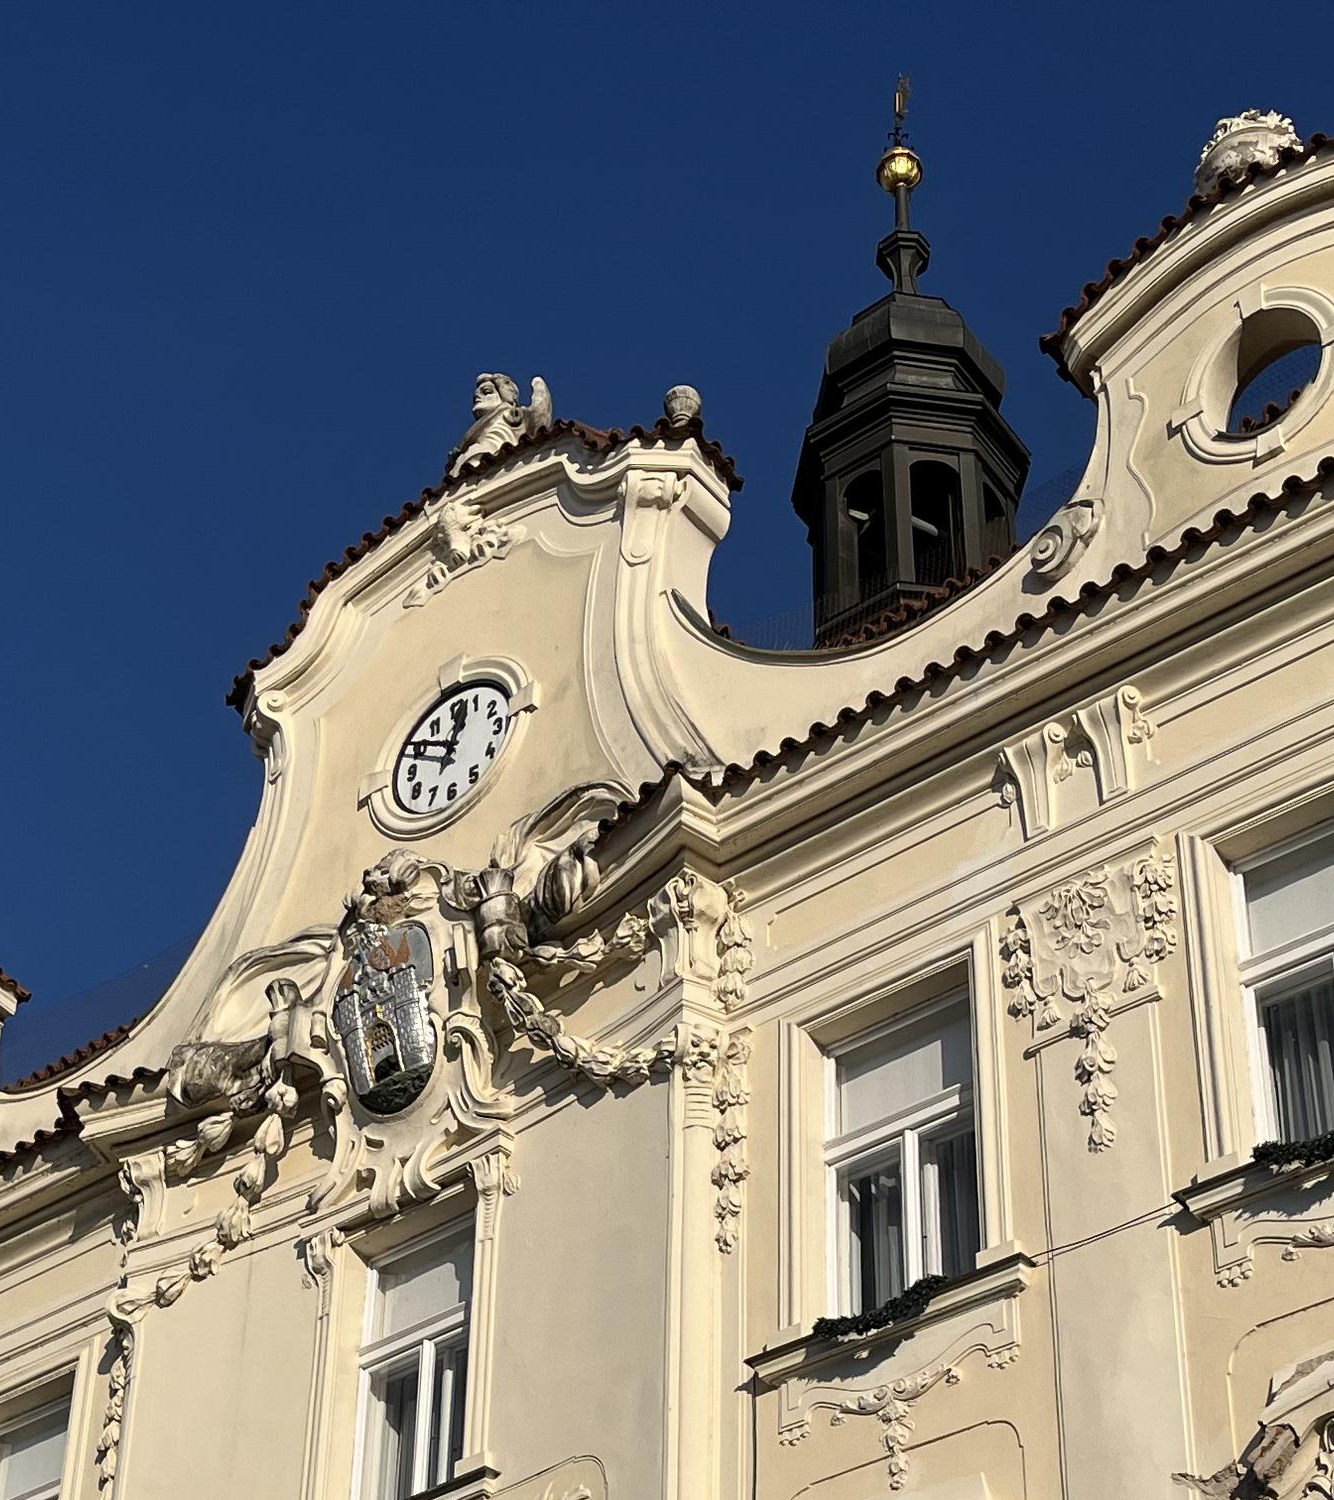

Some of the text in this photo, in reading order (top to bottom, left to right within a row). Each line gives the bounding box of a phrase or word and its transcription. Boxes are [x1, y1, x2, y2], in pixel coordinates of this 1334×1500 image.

[472, 694, 479, 712] 1
[487, 700, 498, 720] 2
[429, 716, 441, 737] 11
[492, 716, 503, 736] 3
[485, 741, 496, 760] 4
[407, 764, 418, 782] 9
[468, 764, 479, 784] 5
[412, 781, 422, 800] 8
[428, 785, 439, 807] 7
[447, 782, 458, 801] 6
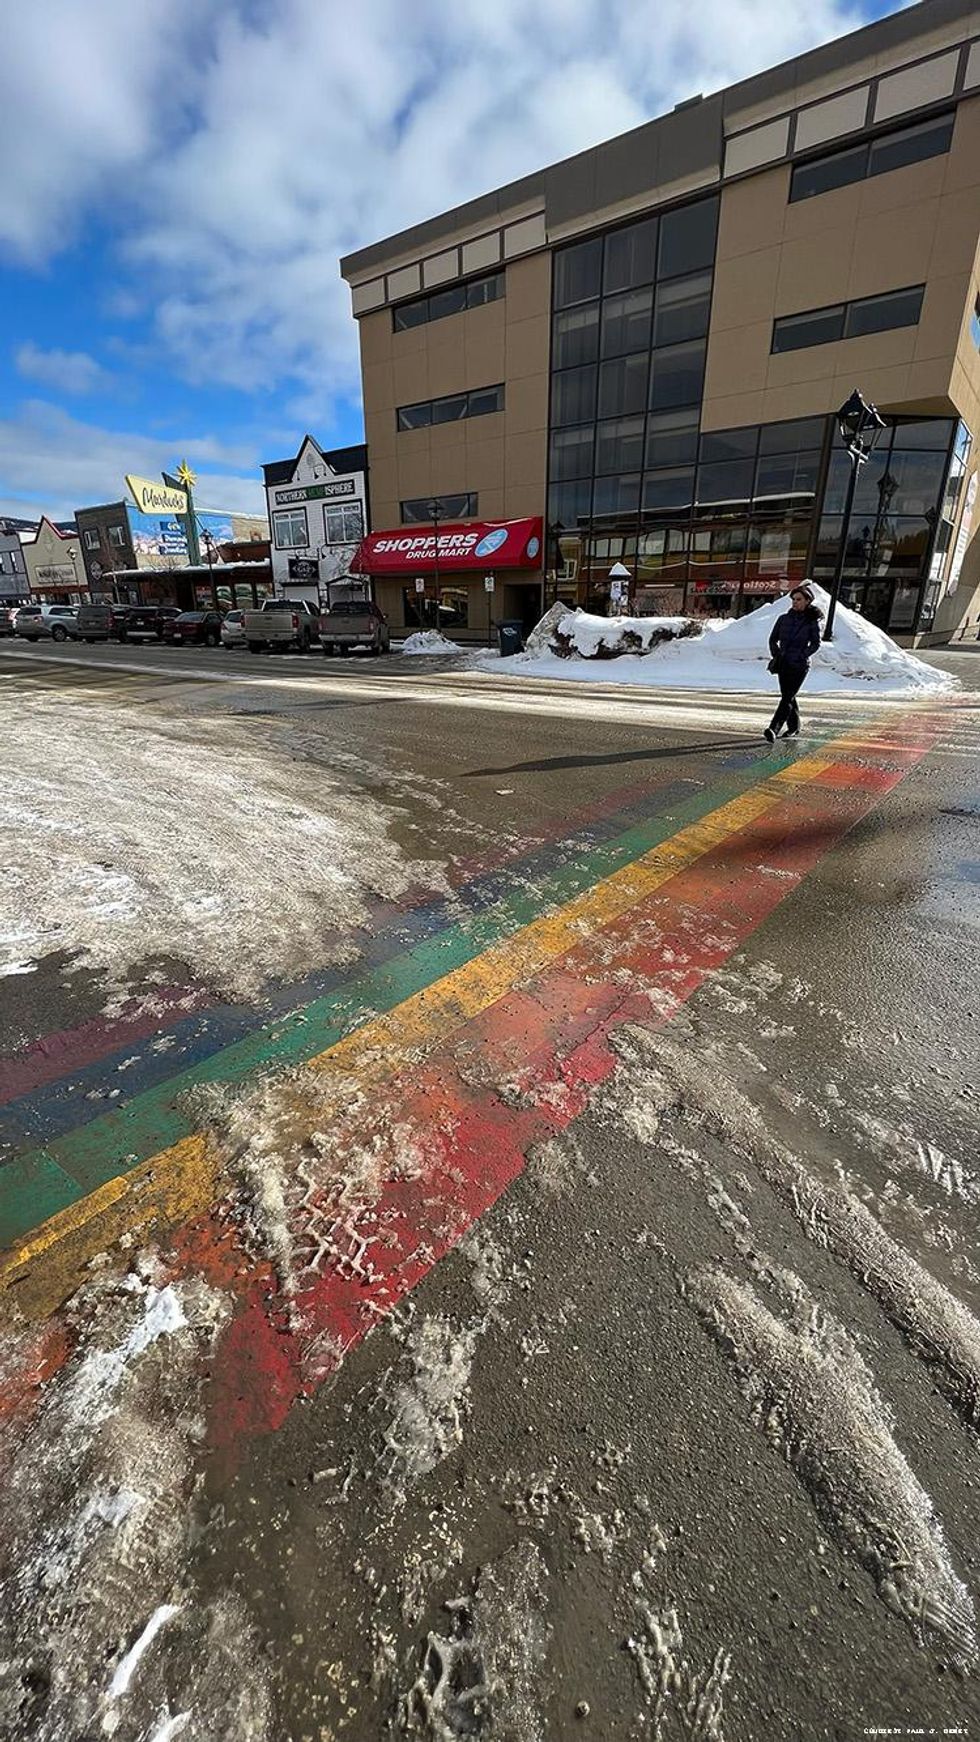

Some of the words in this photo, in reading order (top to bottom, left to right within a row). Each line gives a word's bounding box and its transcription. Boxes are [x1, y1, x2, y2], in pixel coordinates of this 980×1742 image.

[372, 532, 479, 555] SHOPPERS
[405, 549, 437, 560] DRUG
[438, 547, 472, 558] MART
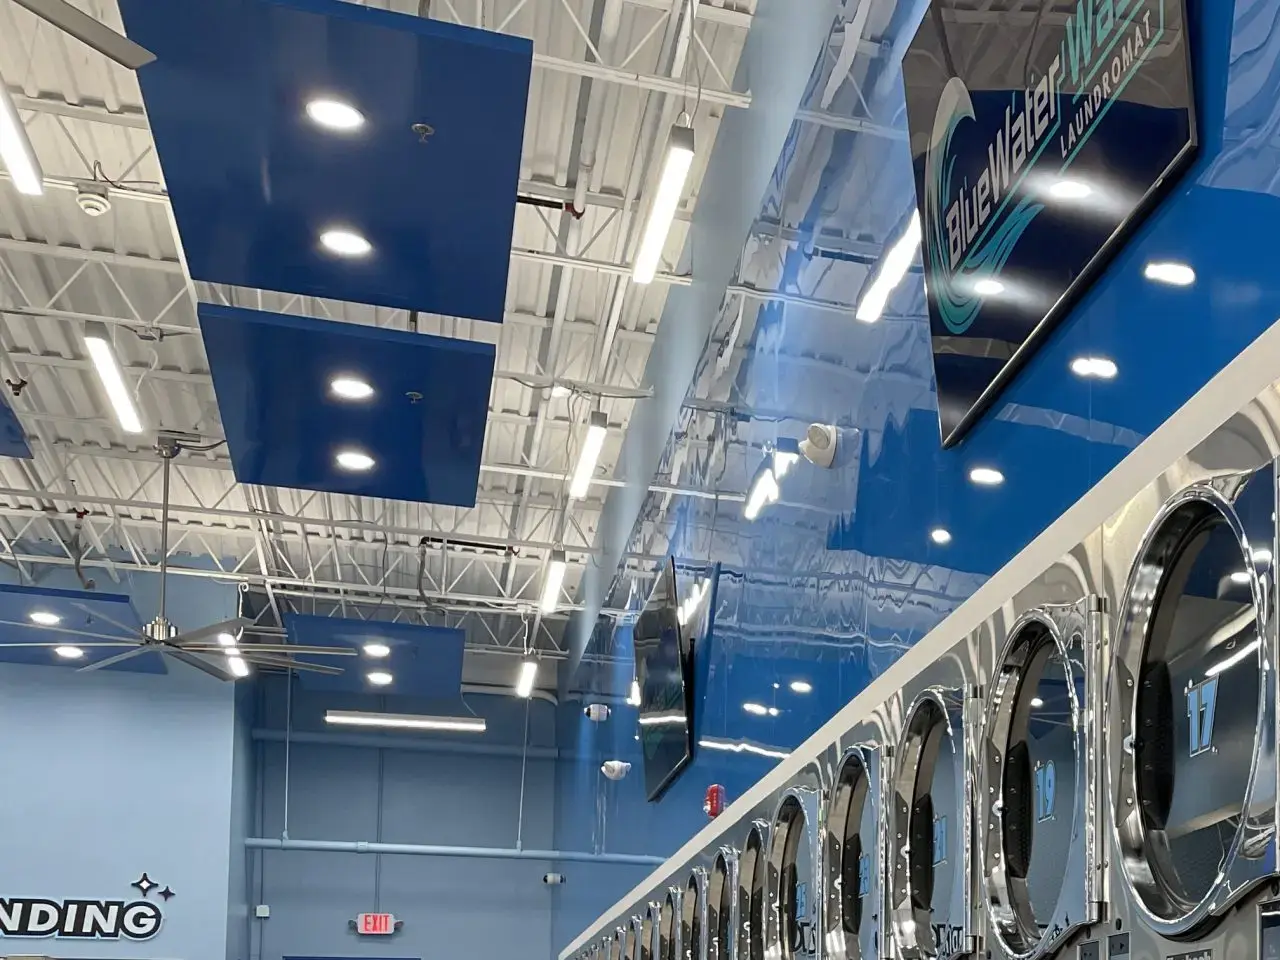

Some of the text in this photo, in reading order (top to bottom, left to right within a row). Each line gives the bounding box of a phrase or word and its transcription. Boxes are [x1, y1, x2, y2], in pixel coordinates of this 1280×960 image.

[1060, 9, 1150, 158] LAUNDROMAT
[946, 55, 1060, 270] BlueWater
[1187, 673, 1220, 757] 17
[1035, 760, 1056, 823] 19
[364, 914, 389, 932] EXIT
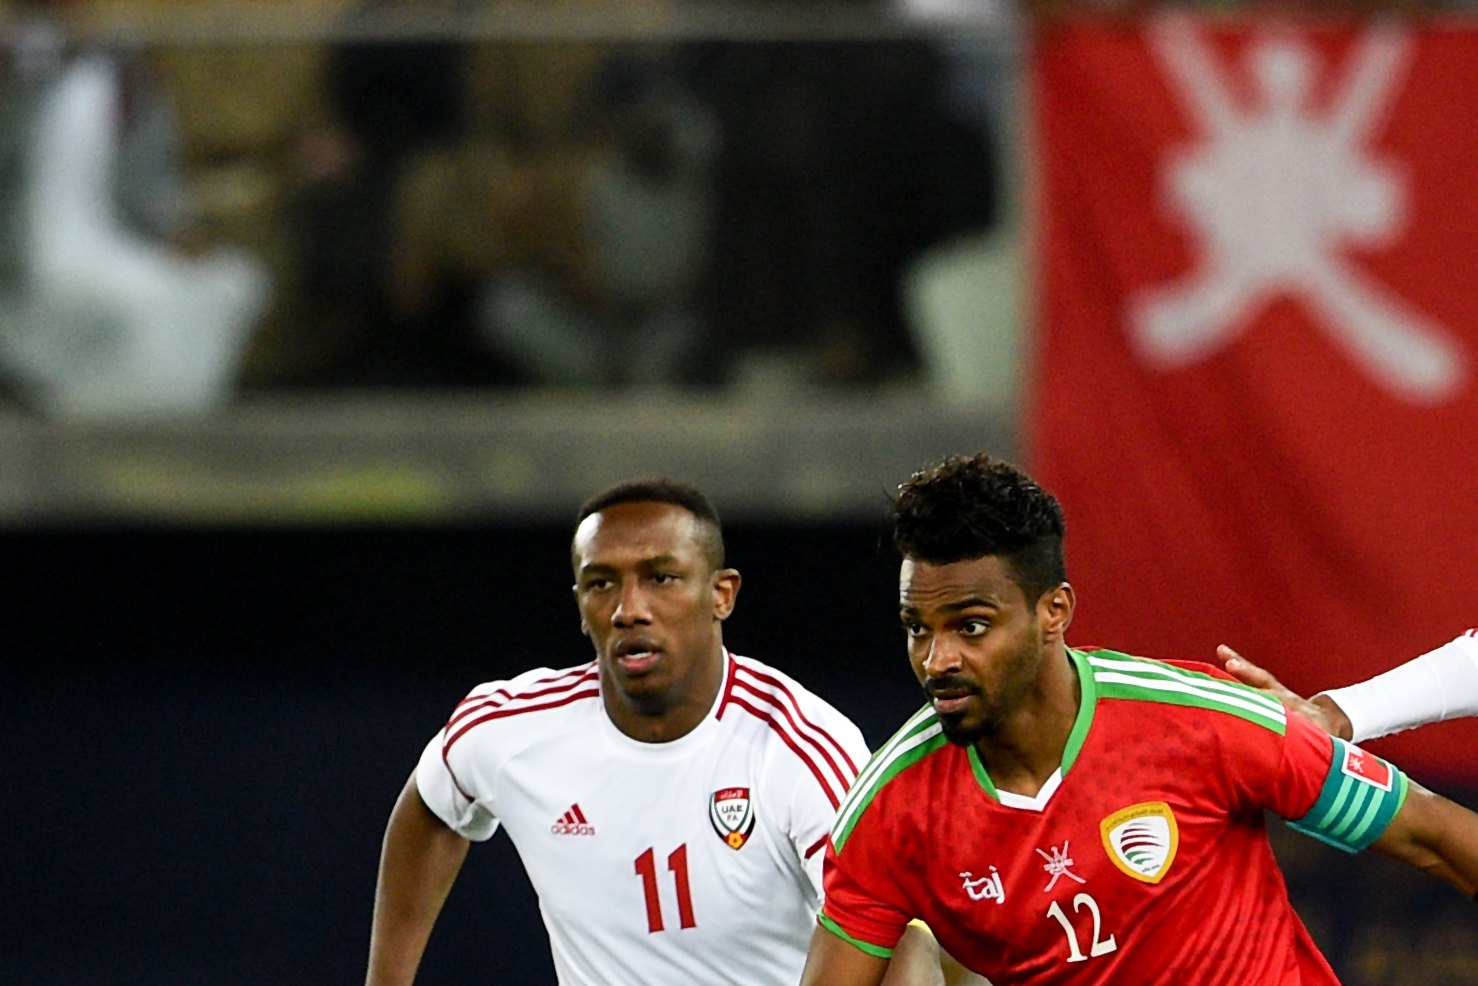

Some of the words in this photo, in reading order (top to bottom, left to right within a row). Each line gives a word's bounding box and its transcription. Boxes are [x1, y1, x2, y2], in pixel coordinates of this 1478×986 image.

-----

ACTIVITY>
Everything in the entries above should be printed again exactly, apart from the pictures.

TASK ANSWER>
Some of the text in this photo, in reading order (top to bottom, left to right within a row). Each line gives the bounding box of a phrase or word and its transcription. Boxes are [x1, y1, x2, y2], in pixel coordinates of this 1334×1500 image.

[472, 694, 479, 712] 1
[487, 700, 498, 720] 2
[429, 716, 441, 737] 11
[492, 716, 503, 736] 3
[485, 741, 496, 760] 4
[407, 764, 418, 782] 9
[468, 764, 479, 784] 5
[412, 781, 422, 800] 8
[428, 785, 439, 807] 7
[447, 782, 458, 801] 6

Some of the words in this photo, in reading order (top to bottom, left to right within a row). Each line gives a word's bounding box and its transcription. Boxes are [x1, y1, x2, y2], in pixel coordinates of this 980×1742 image.

[372, 532, 479, 555] SHOPPERS
[405, 549, 437, 560] DRUG
[438, 547, 472, 558] MART

Some of the text in this photo, in reading order (top to bottom, left to right within a row). Each line gives the bounding box of a phrase or word and its transcription. Boxes are [x1, y1, x2, y2], in pixel coordinates of this 1280×960 image.

[1060, 9, 1150, 158] LAUNDROMAT
[946, 55, 1060, 270] BlueWater
[1187, 673, 1220, 757] 17
[1035, 760, 1056, 823] 19
[364, 914, 389, 932] EXIT

Some of the words in this photo, in reading order (top to bottom, left to right within a row). Each line gives a word's bounding box and its transcription. Boxes are [x1, y1, x2, y2], in pixel coordinates of this 1478×986 image.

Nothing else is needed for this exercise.